Problem requirements — If an entry holds a picture, skip the picture but copy everything else exactly.

Dataset records —

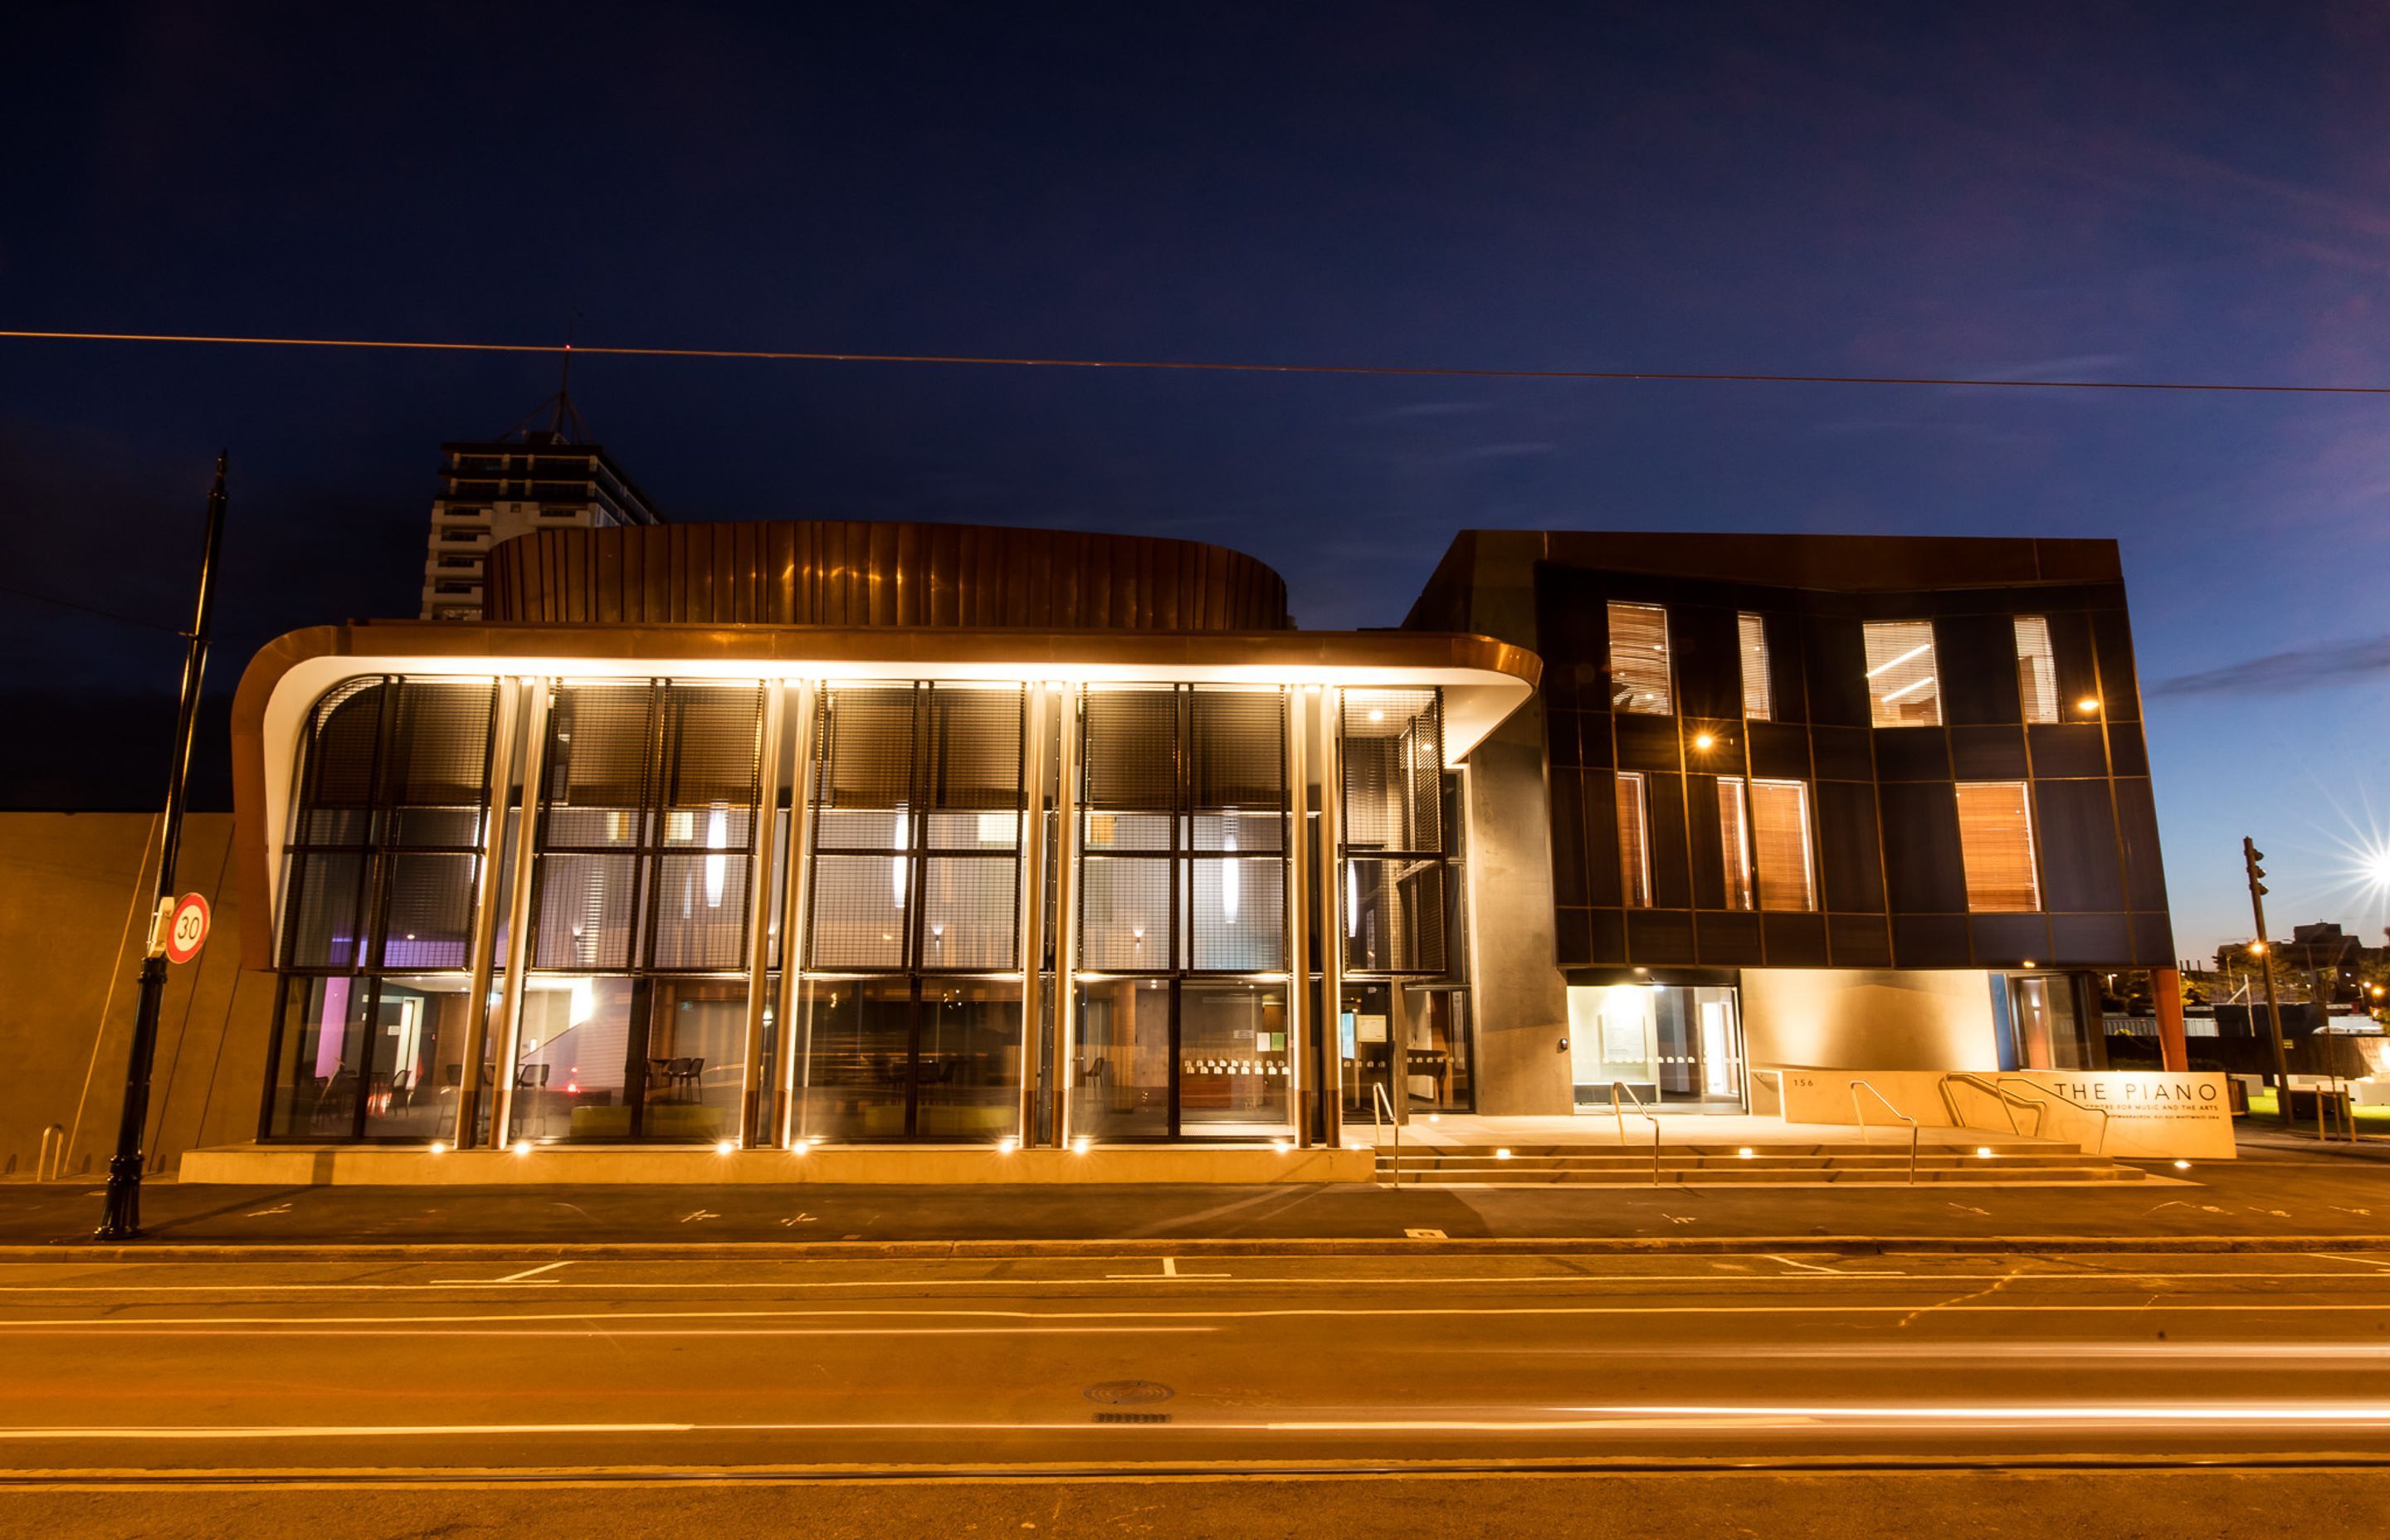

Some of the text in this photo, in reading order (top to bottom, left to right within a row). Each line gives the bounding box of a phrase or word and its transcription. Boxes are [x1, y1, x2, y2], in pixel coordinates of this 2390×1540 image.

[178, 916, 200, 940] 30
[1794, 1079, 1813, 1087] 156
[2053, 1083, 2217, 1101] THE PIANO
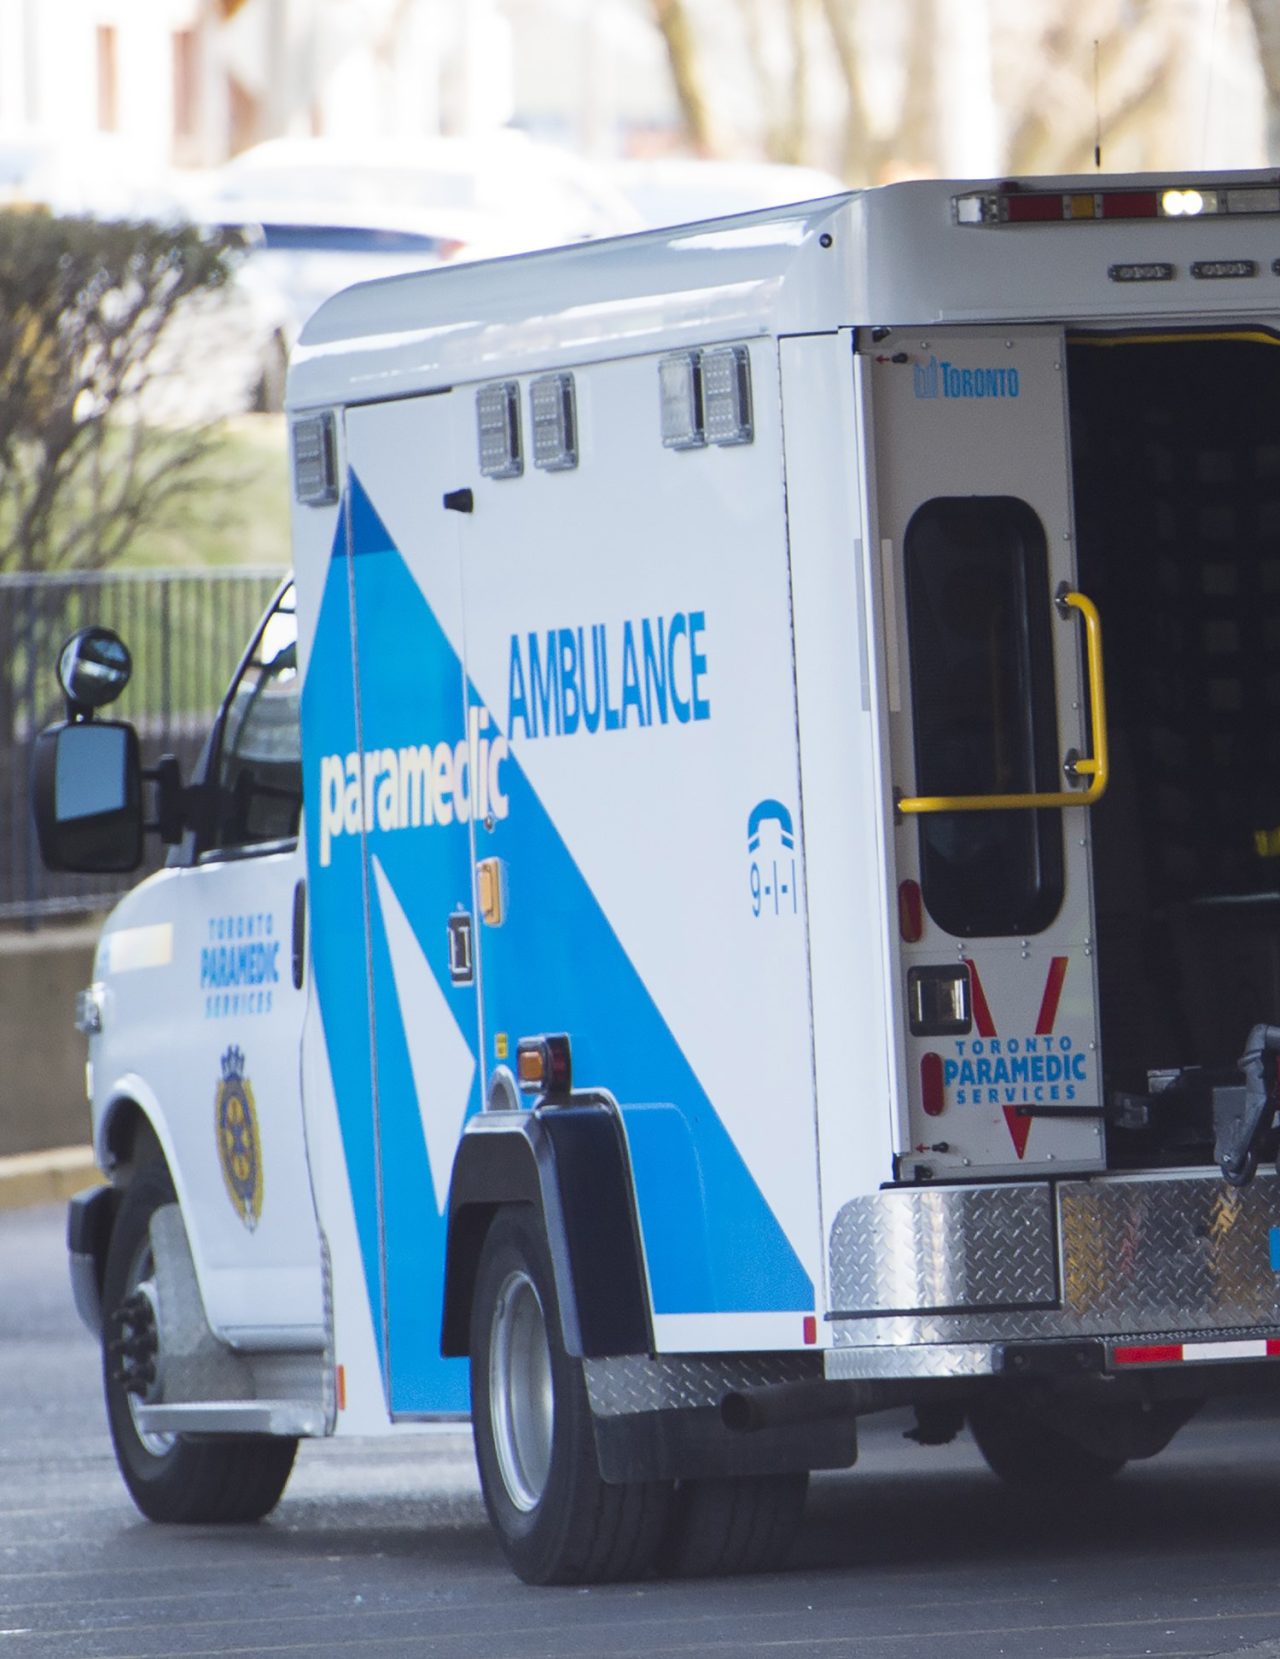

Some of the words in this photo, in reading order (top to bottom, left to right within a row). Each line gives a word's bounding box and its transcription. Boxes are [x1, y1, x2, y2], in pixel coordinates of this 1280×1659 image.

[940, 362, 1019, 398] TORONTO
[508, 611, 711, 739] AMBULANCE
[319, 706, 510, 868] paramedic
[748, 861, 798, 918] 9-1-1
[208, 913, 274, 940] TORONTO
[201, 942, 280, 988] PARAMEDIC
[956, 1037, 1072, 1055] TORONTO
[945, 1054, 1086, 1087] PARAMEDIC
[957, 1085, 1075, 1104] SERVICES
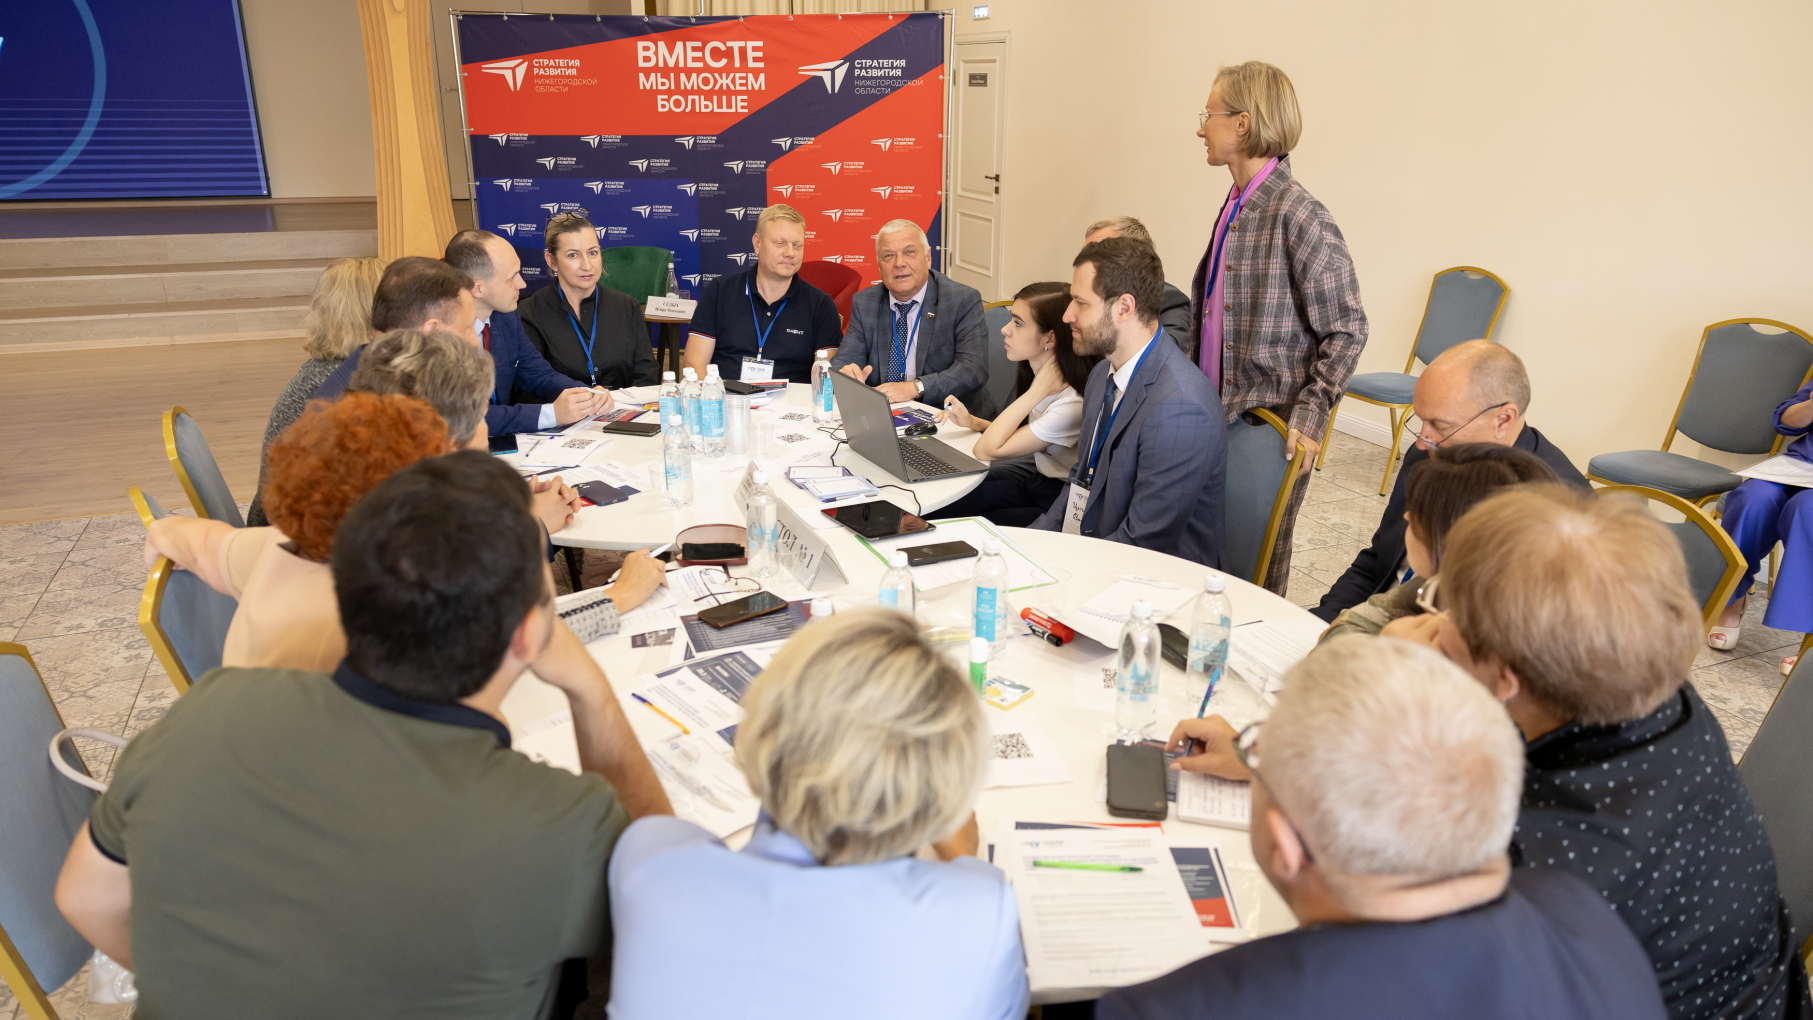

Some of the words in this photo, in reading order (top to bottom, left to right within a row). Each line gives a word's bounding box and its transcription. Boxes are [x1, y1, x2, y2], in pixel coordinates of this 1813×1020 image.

Task result —
Some of the text in this photo, in reading order (top to bottom, left to right within a row). Each line gives the bounding box of a phrase or word and its transcription. Boxes are [x1, y1, x2, y2], in pixel coordinates of this 2390×1540 image.

[178, 916, 200, 940] 30
[1794, 1079, 1813, 1087] 156
[2053, 1083, 2217, 1101] THE PIANO

Some of the words in this photo, in reading order (top to bottom, left to right within a row). Each line gives a word's bounding box and its transcription. Boxes are [x1, y1, x2, y2], in pixel coordinates of this 1280×1659 image.

[940, 362, 1019, 398] TORONTO
[508, 611, 711, 739] AMBULANCE
[319, 706, 510, 868] paramedic
[748, 861, 798, 918] 9-1-1
[208, 913, 274, 940] TORONTO
[201, 942, 280, 988] PARAMEDIC
[956, 1037, 1072, 1055] TORONTO
[945, 1054, 1086, 1087] PARAMEDIC
[957, 1085, 1075, 1104] SERVICES

Some of the words in this photo, in reading order (top to bottom, left to right within a row). Each line gives a word's bounding box and its transcription. Boxes are [x1, y1, x2, y2], in pixel coordinates of this 1813×1020 image.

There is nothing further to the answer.